Treasury’s Acosta explained that retirees receiving a monthly pension check of $1,500 or less — or about 80 percent of the universe — would see a 30 percent reduction in the Christmas bonus to $425 from $600, a reduction by half of the government’s additional health plan contribution (to a maximum of $600 per year), an elimination of the $100 “summer bonus,” and a 25% increase in a medicines bonus to $125.

Retirees receiving more than $1,500 a month, which represent about 20 percent of the group, the changes are as follow: 66 percent reduction in the Christmas bonus to $200 from $600; eliminating the government’s additional health plan contribution; an elimination of the $100 “summer bonus;” and eliminating the medicines bonus.

Future retirees would not be eligible for any of the fringe benefits, which will be eliminated completely.

“Many of the problems the Retirement Systems are facing date to increases in the benefit structure that have been made in the past, without identifying the resources required to meet the cost of these increases,” said Ferrer. “We granted additional benefits (through special laws and pension credits) through the years without providing the resources to pay.”

‘Sensible and reasonable reform’
Despite all of the proposed cutbacks and changes, Acosta said the reform “seeks to be sensitive to those retirees whose economic reality makes them more vulnerable to changes in the system and public employees who are near retirement age.”

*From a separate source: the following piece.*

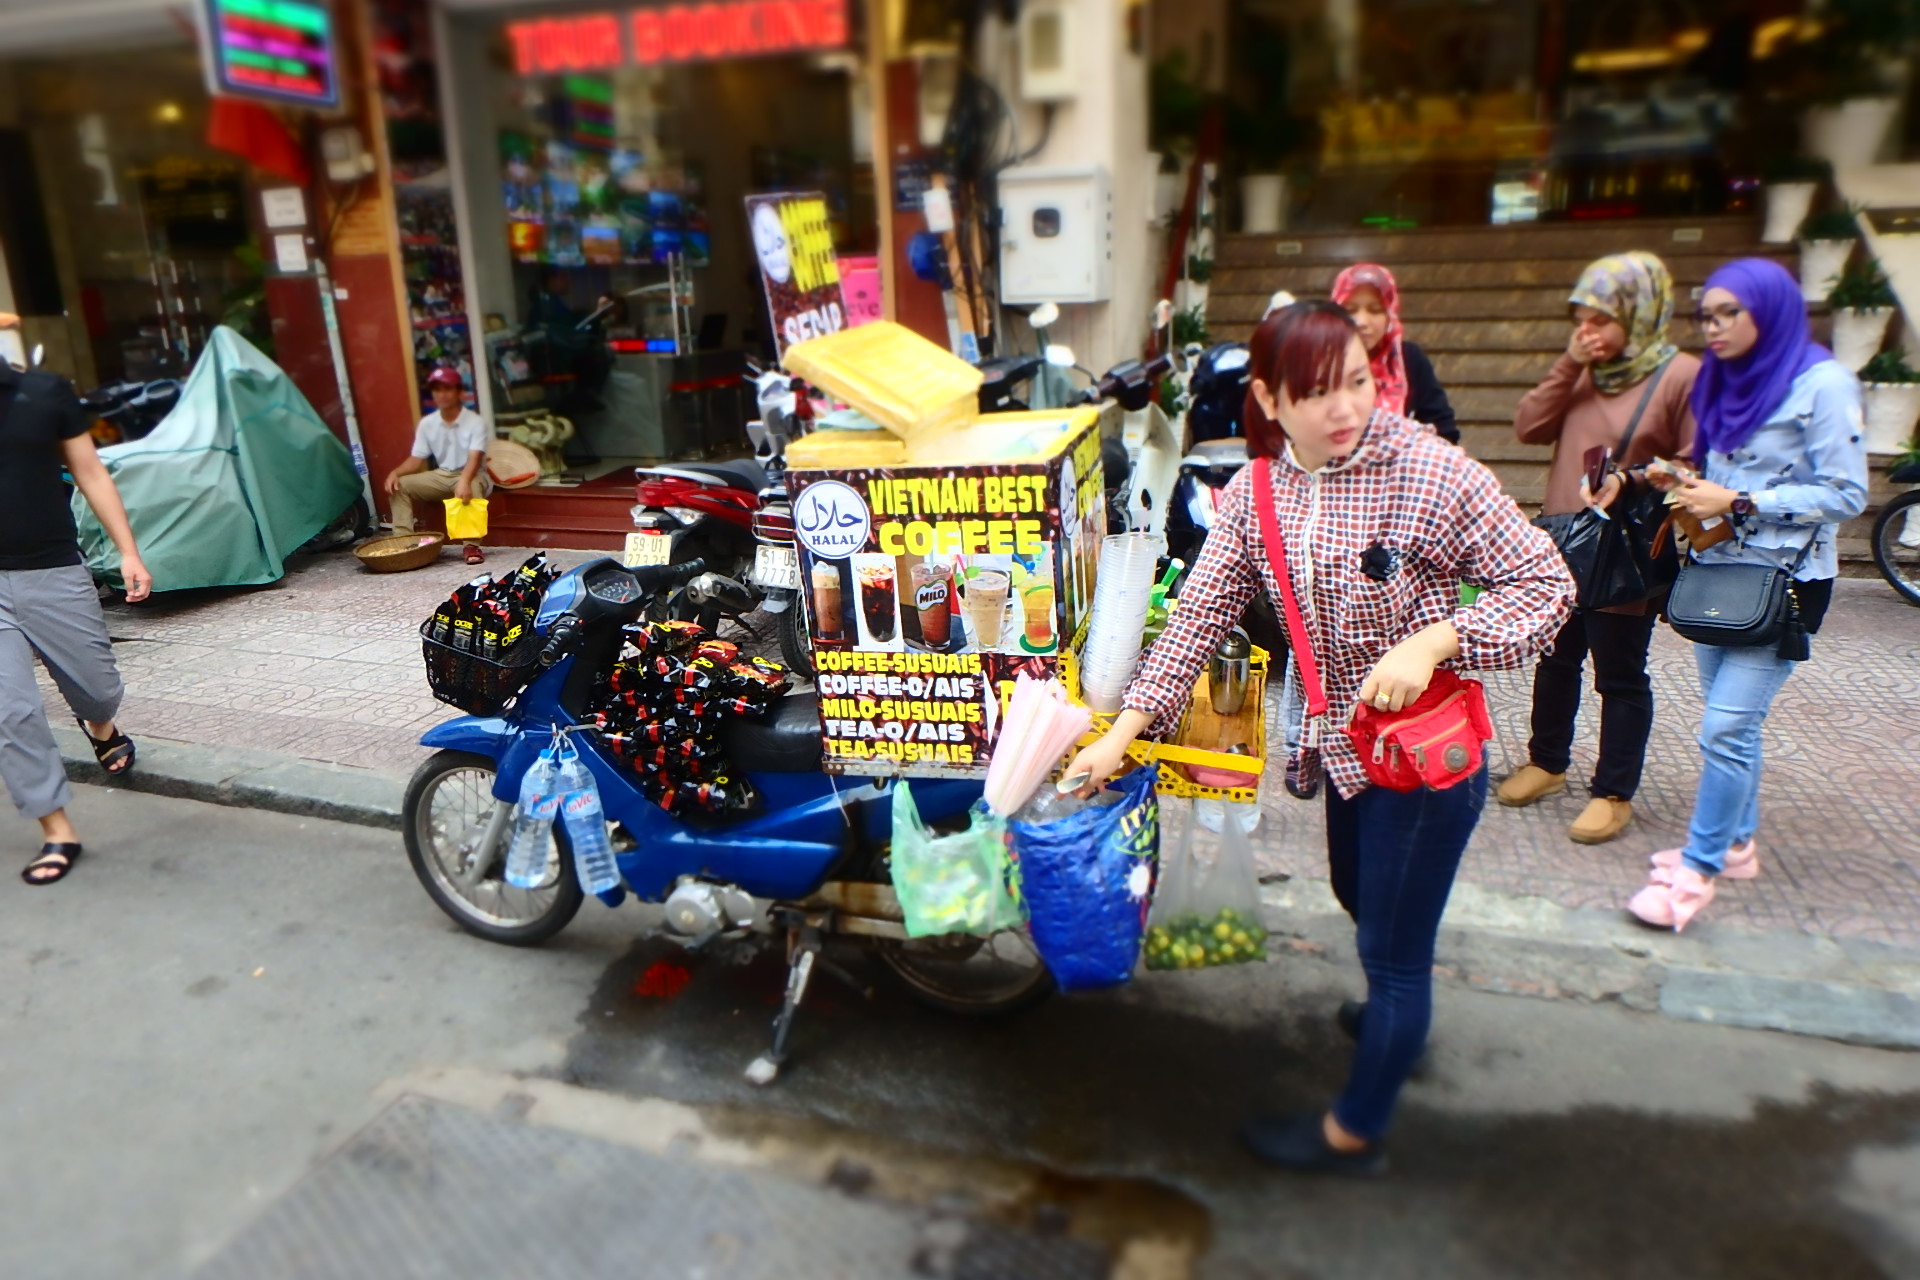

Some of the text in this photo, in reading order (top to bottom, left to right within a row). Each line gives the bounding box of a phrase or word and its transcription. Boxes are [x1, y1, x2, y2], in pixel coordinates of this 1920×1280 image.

Changes designed to soften the impact on more vulnerable public employees are:

  1. Increasing the minimum pension of $400 to $500.
  2. Use some of the savings resulting from changes to the special laws — estimated at about $100 million — to provide more generous benefits to those pensioners who receive less monthly.
  3. Implement the retirement age increase in steps to lessen the impact of the reform on those who are closest to the current retirement age.
  4. And the conversion of the benefit to Reform 2000 beneficiaries from a one-time payment to lifetime income.

“This way we seeks to find a reasonable balance between the system’s fiscal crisis and the economic and social reality of our retirees and our most disadvantaged public employees,” said Acosta.

Despite the proposed changes, the reform will not be enough to cover the system’s cash flow requirements, for which the government will have to contribute another $100 million annually to prevent the System from ever going broke.

retirement chart

Despite the proposed changes, the reform will not be enough to cover the system’s cash flow requirements, for which the government will have to contribute another $100 million annually to prevent the System from going broke.

Acosta said there are two options being studied to address that: identify a specific funding source and assign it to the Retirement System, or include the charge as part of the government’s General Fund obligations, which already contributes to the system.

During the news conference, Acosta said the agency is working on expanding Puerto Rico’s sales and use tax base to shore up more revenue than at present. That includes closing loopholes and eliminating exemptions from a list of about 40 that have been added since the tax was passed.

The package of measures will be submitted to the Legislature if not today, before the end of the week, for what sources have said will be a “fast-track” approval.

With that in hand, government officials will meet with credit ratings agencies with the expectation that it will be enough to avoid a downgrade of Puerto Rico’s credit to junk.